**Aim of the task**
Nothing but an exact repeat of the data, with pictures removed, belongs in the answer.

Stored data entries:
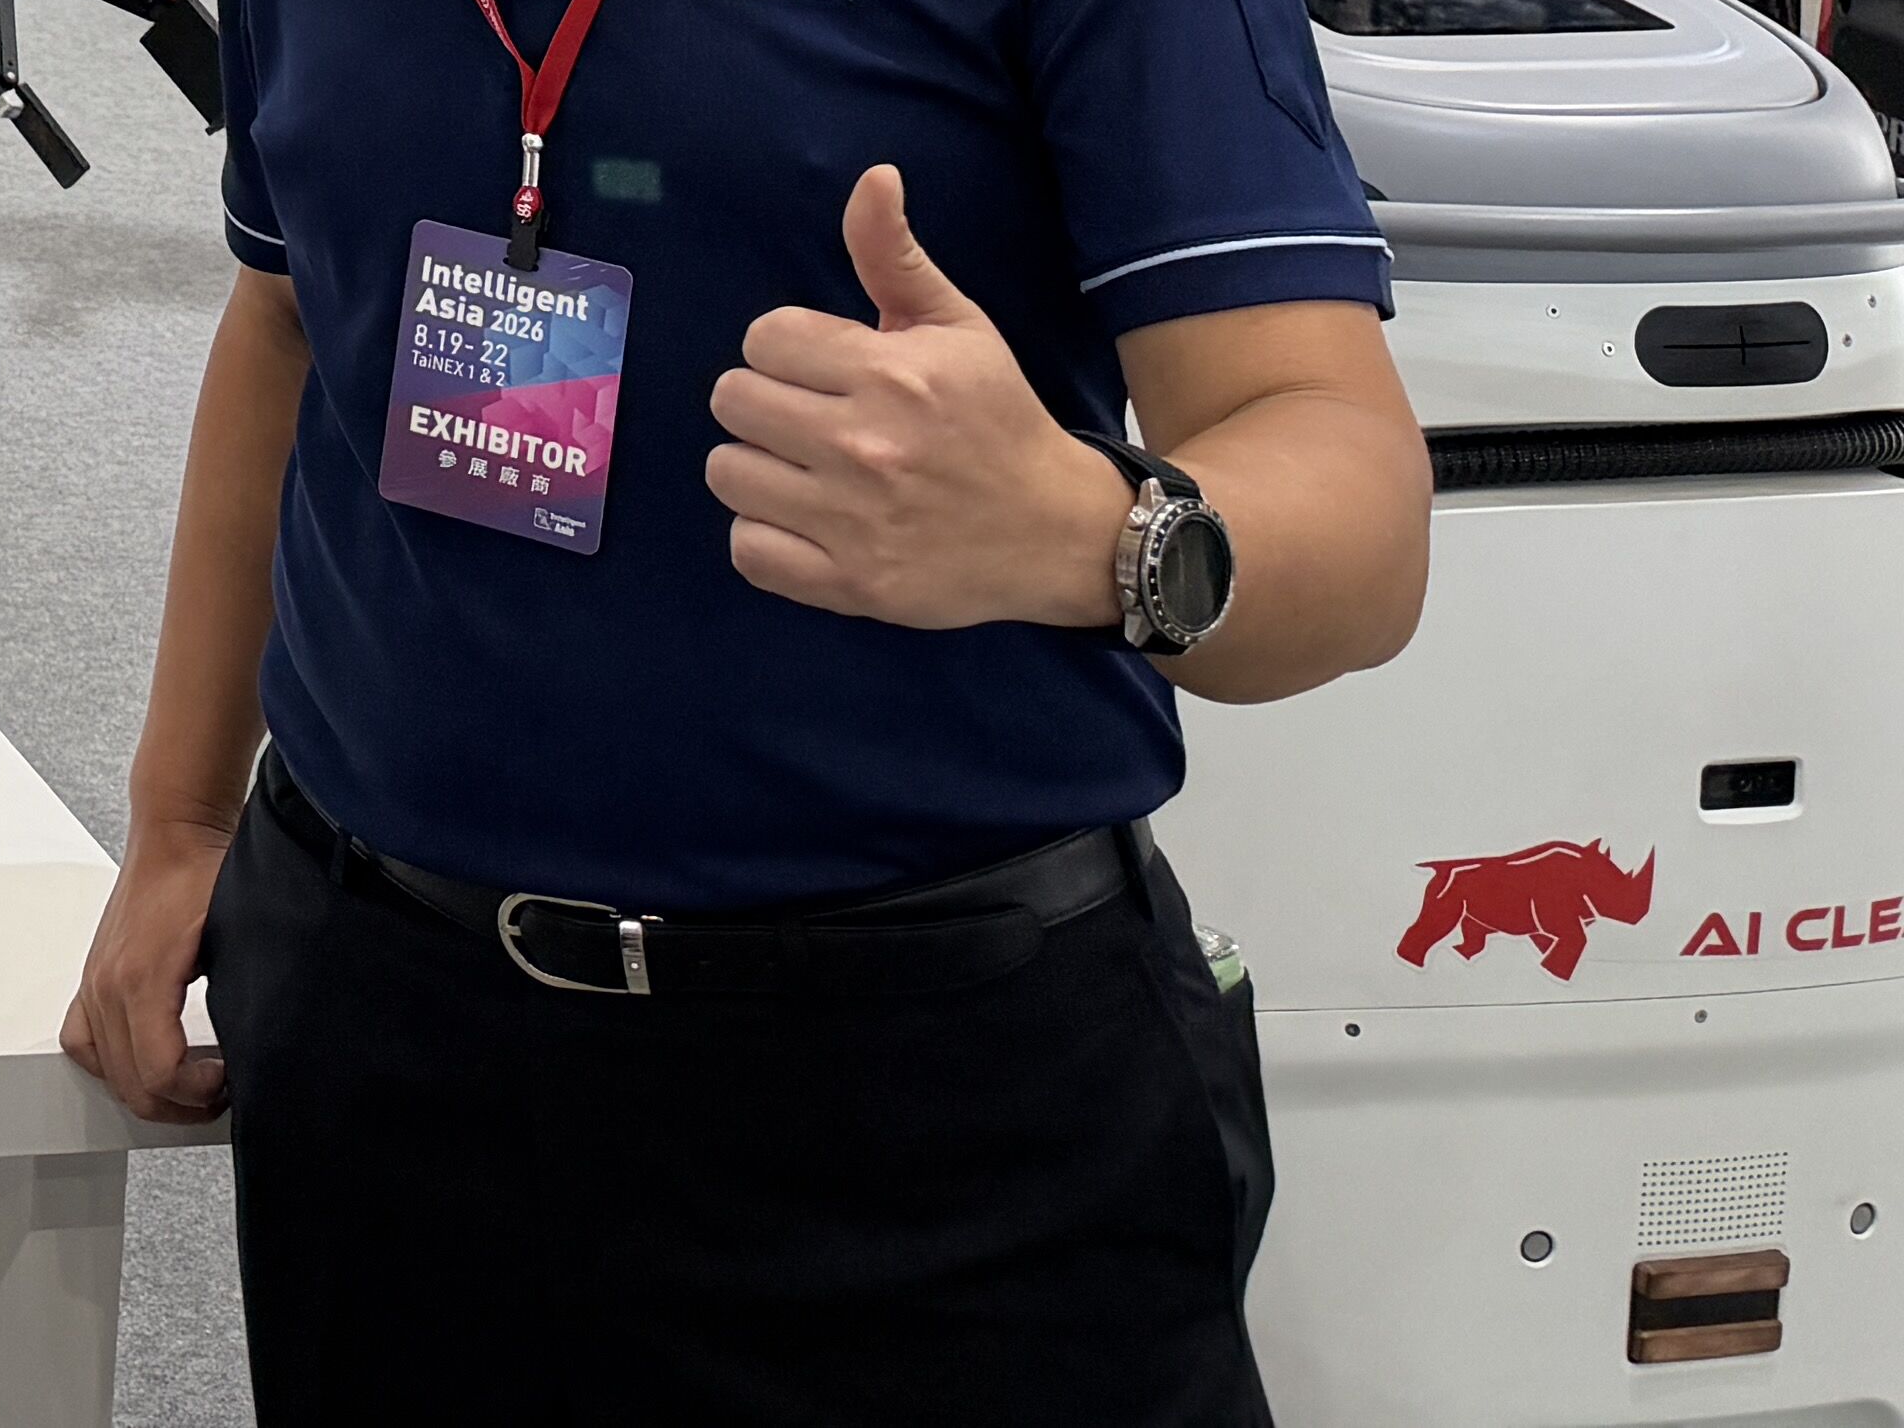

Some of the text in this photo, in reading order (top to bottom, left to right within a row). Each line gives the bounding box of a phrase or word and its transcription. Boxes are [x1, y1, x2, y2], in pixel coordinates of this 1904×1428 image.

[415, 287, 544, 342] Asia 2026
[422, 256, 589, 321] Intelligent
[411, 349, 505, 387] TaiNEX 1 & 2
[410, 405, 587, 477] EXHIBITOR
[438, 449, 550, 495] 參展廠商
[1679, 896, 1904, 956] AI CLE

**Task result**
Some of the text in this photo, in reading order (top to bottom, left to right within a row). Each line gives the bounding box of a phrase or word and its transcription. Boxes are [x1, y1, x2, y2], in pixel coordinates of this 1904×1428 image.

[415, 287, 544, 342] Asia 2026
[422, 256, 589, 321] Intelligent
[411, 349, 505, 387] TaiNEX 1 & 2
[410, 405, 587, 477] EXHIBITOR
[438, 449, 550, 495] 參展廠商
[1679, 896, 1904, 956] AI CLE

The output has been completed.